Delegacias – Na manhã desta quarta-feira (4/5), os advogados Aldo Ramos Soares, Ricardo Almeida de Andrade e Vera Lucia Corrêa Aranda da Comissão de Defesa dos Direitos Humanos (CDH) estiveram na 4ª Delegacia de Polícia de Campo Grande. Na visita, os membros da CDH verificaram a situação dos presos administrativos, que são prisões causadas por não pagamento de pensão alimentícia, por exemplo.

 

De acordo com Aldo Ramos, a recomendação é que cada cela tenha até quatro detentos.

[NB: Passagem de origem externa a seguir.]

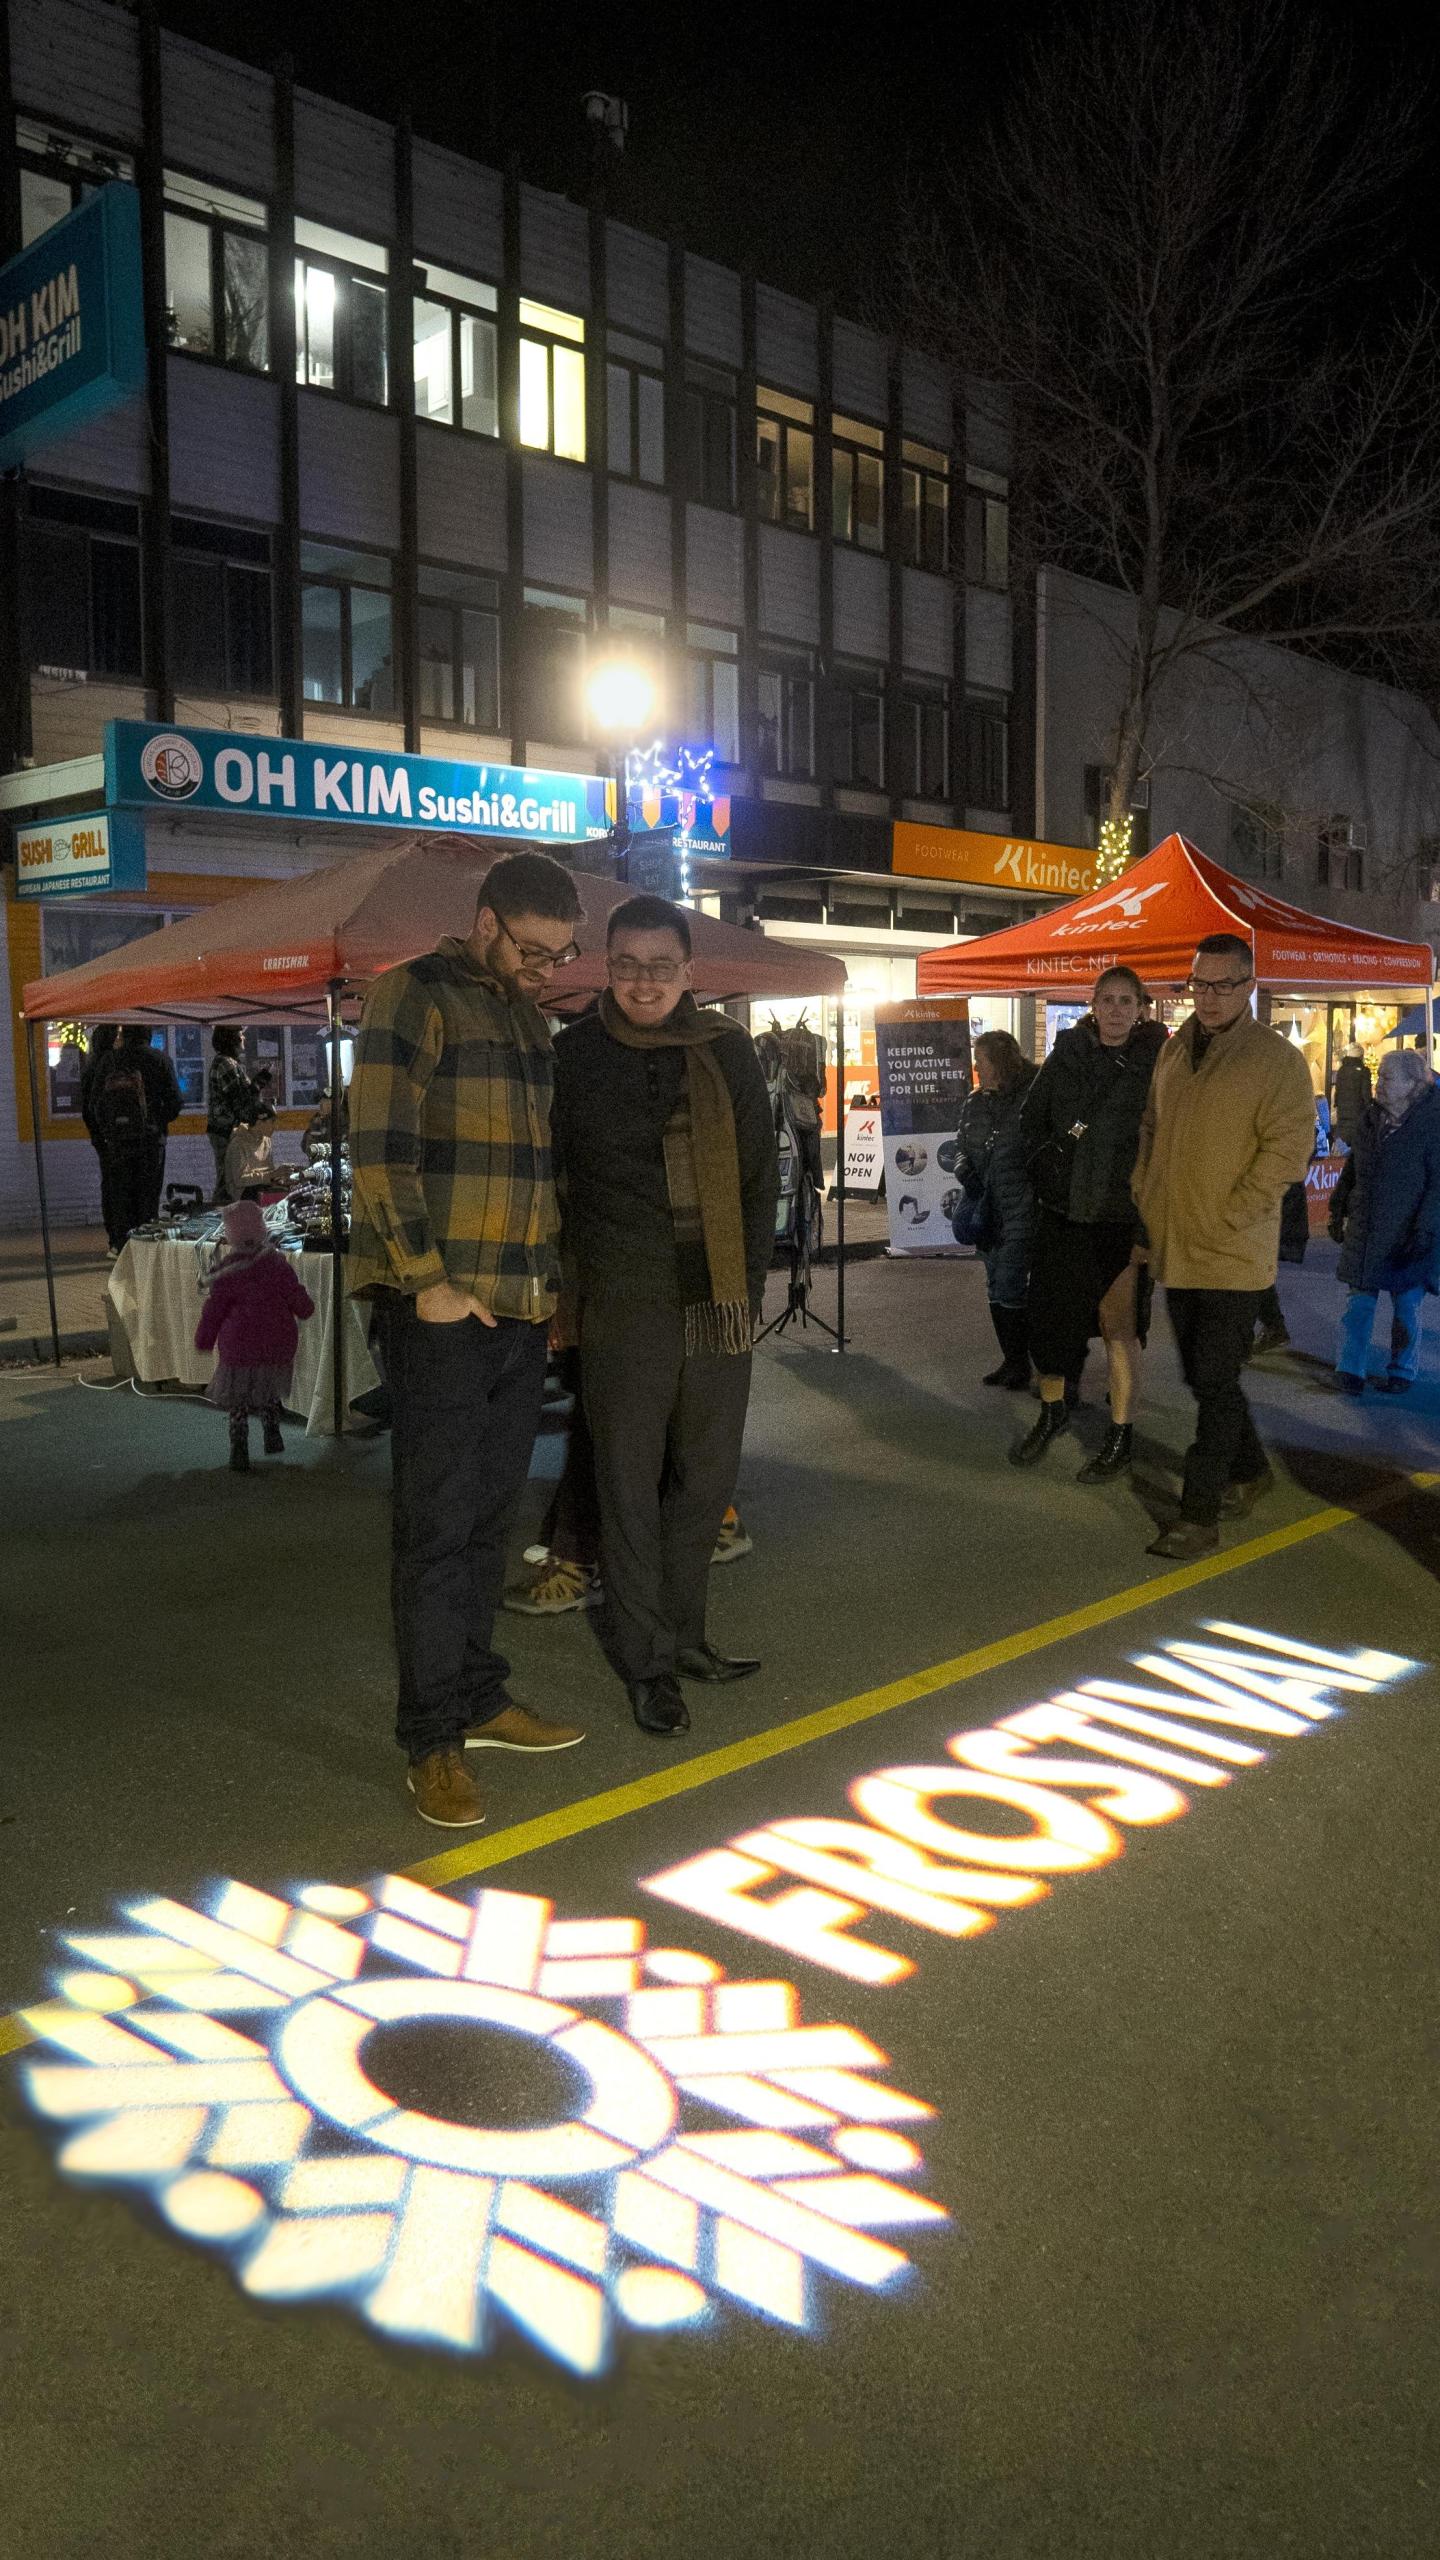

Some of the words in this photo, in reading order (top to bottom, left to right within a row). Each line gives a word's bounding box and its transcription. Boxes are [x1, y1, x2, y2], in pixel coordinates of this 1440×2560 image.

[32, 263, 80, 341] KIM
[0, 315, 81, 400] ushi&Grill
[214, 748, 296, 807] OH
[314, 758, 413, 818] KIM
[418, 786, 576, 834] Sushi&Grill
[586, 826, 615, 838] KOR
[21, 838, 53, 867] SUSHI
[71, 829, 106, 860] GRILL
[672, 836, 727, 853] RESTAURANT
[914, 843, 969, 863] FOOTWEAR
[1026, 846, 1092, 891] kintec
[42, 878, 70, 891] JAPANESE
[70, 874, 111, 888] RESTAURANT
[1050, 918, 1149, 937] kintec
[263, 954, 310, 971] CRAFTSMAN
[1026, 953, 1120, 975] KINTEC.NET
[1272, 950, 1307, 961] FOOTWEAR
[1313, 951, 1347, 964] ORTHOTICS
[1383, 956, 1421, 969] COMPRESSION
[915, 1009, 941, 1018] kintec
[887, 1046, 934, 1057] KEEPING
[888, 1060, 911, 1070] YOU
[914, 1058, 951, 1068] ACTIVE
[889, 1073, 906, 1082] ON
[909, 1071, 938, 1081] YOUR
[941, 1070, 966, 1080] FEET,
[890, 1085, 911, 1095] FOR
[914, 1084, 939, 1094] LIFE.
[856, 1133, 875, 1142] kintec
[847, 1153, 875, 1163] NOW
[844, 1167, 873, 1178] OPEN
[638, 1618, 1422, 1986] FROSTIVAL
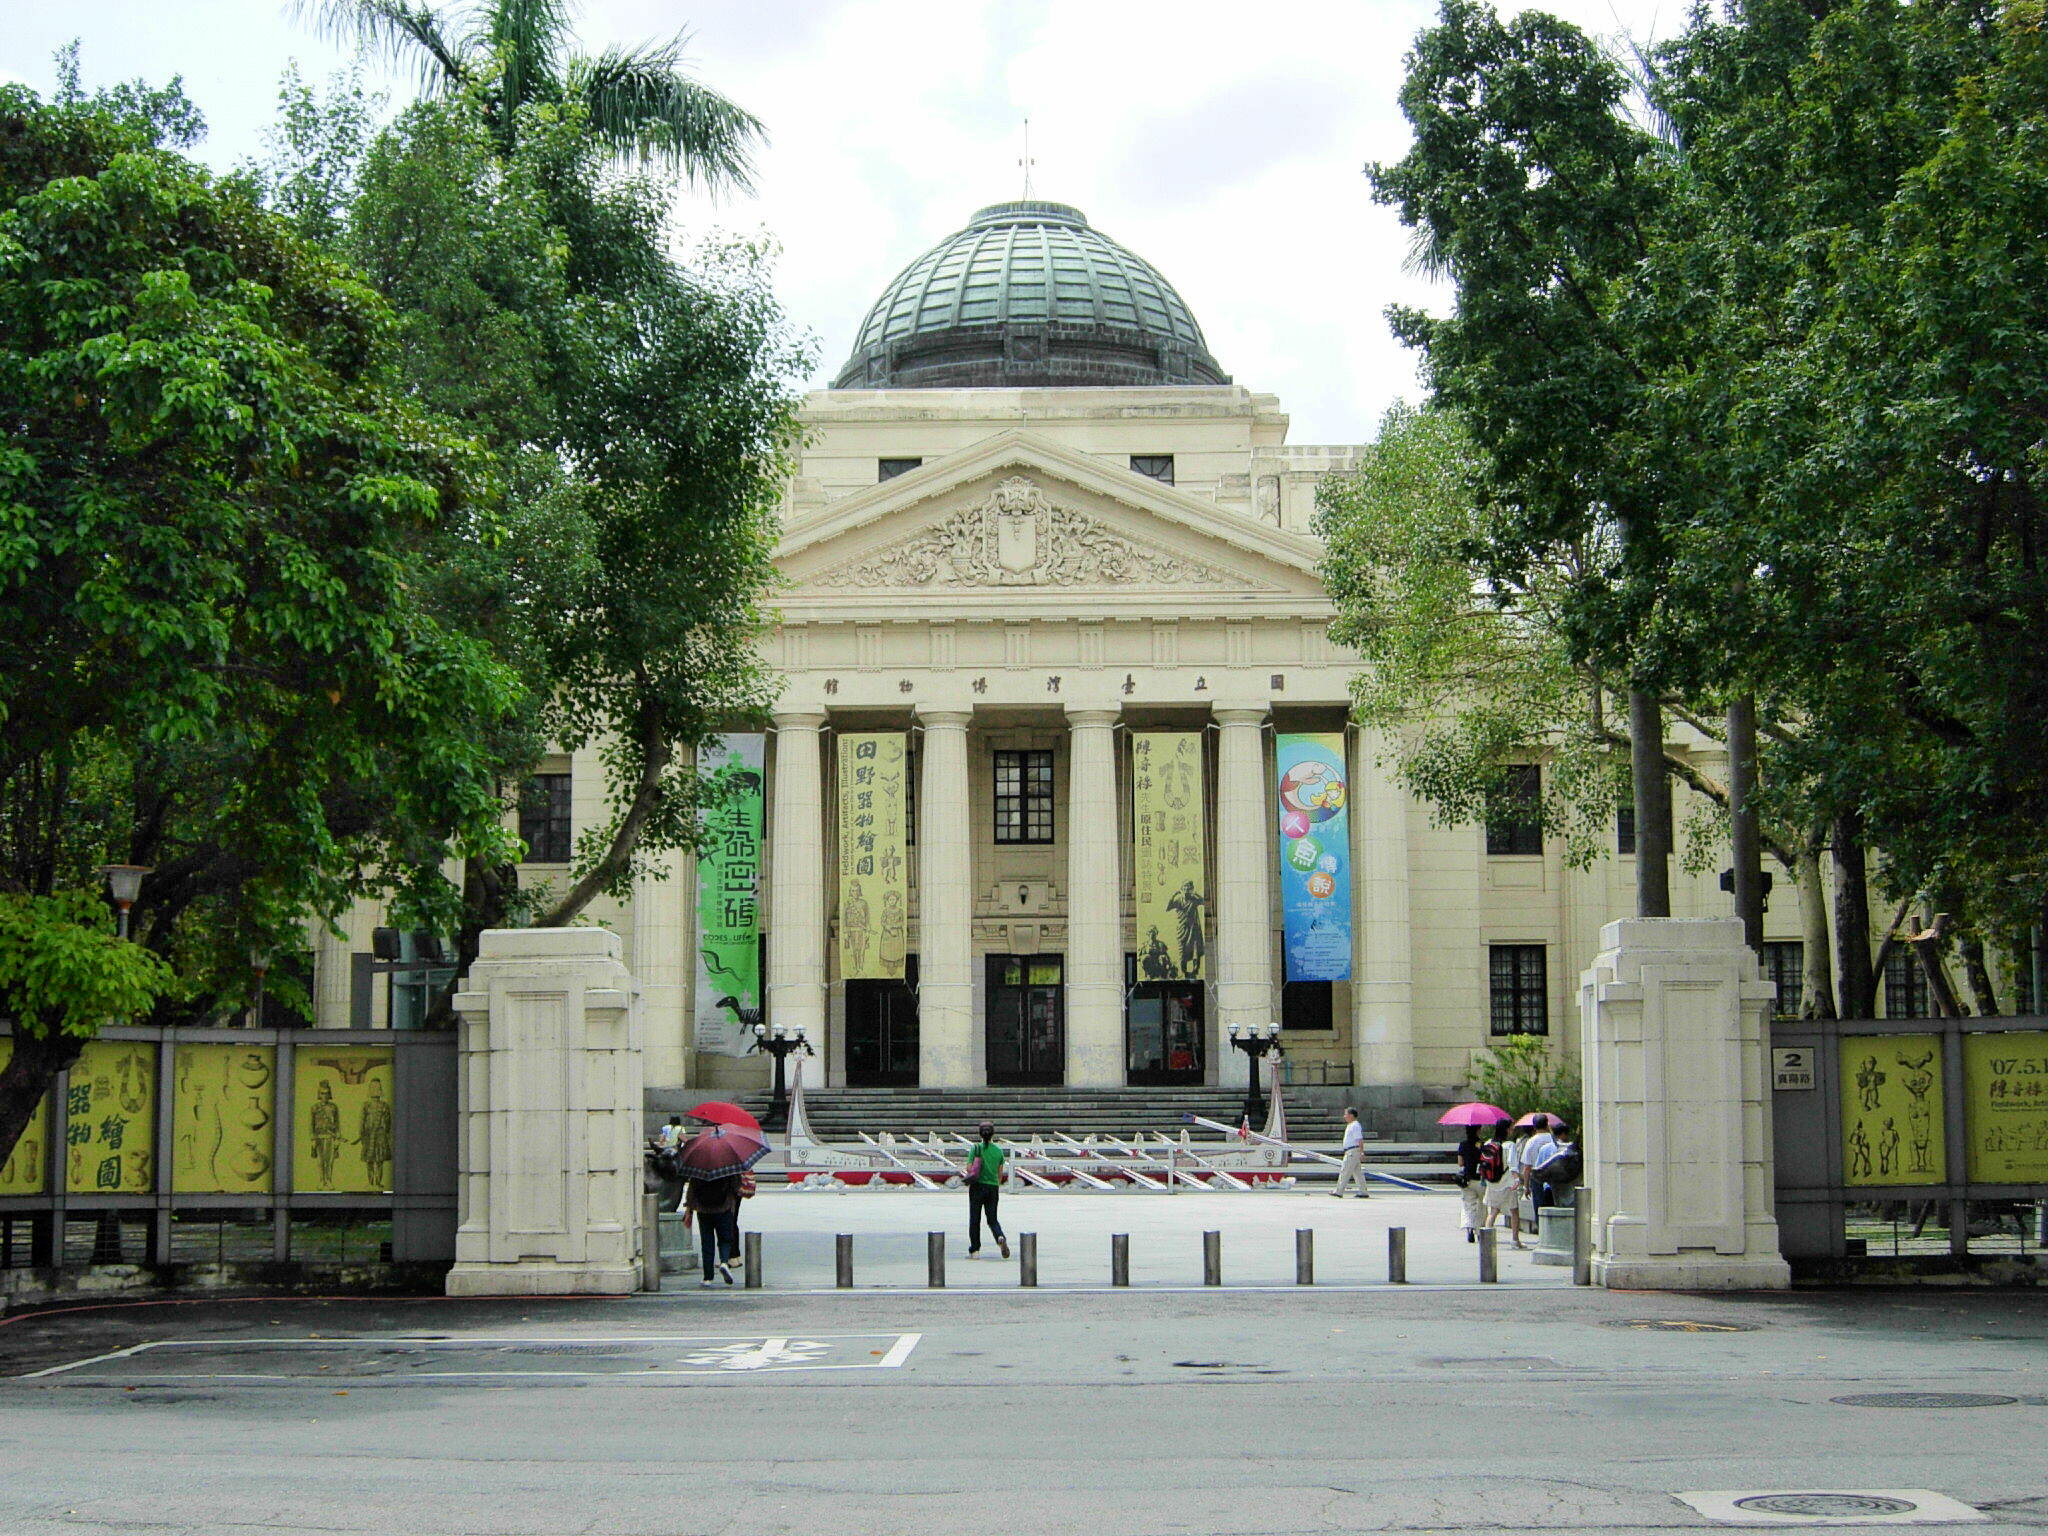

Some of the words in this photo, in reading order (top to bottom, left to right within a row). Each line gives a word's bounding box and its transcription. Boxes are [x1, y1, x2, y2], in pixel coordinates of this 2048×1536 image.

[854, 740, 878, 876] 田野器物繪圖
[1784, 1053, 1802, 1067] 2
[66, 1083, 92, 1146] 器物
[96, 1113, 129, 1189] 繪圖

No caso do 4ª DP, são três celas e o número de presos é de 8, 5 e 4, totalizando 17 detentos, sendo que o total deveria ser 12. O advogado acrescenta ainda que, no período vespertino, o número de presos por cela foi reduzido, ficando duas celas com cinco e uma com seis.

 

Desta forma, eles estão se aproximando do limite estabelecido. Mas os presos alegam que, em alguns casos, chega a ter 12 encarcerados em cada cela”, conta Aldo Ramos. Outra preocupação do membro da CDH é com relação ao tratamento que os presos administrativos estão recebendo.”São pessoas que ainda não foram julgadas, mas algumas vezes acabam recebendo o tratamento de um preso criminal, ficando até mesmo sem o banho de sol”.

 

Após análise da Comissão de Direitos Humanos, o relatório da visita realizada no 4º DP será encaminhado à diretoria da OAB/MS.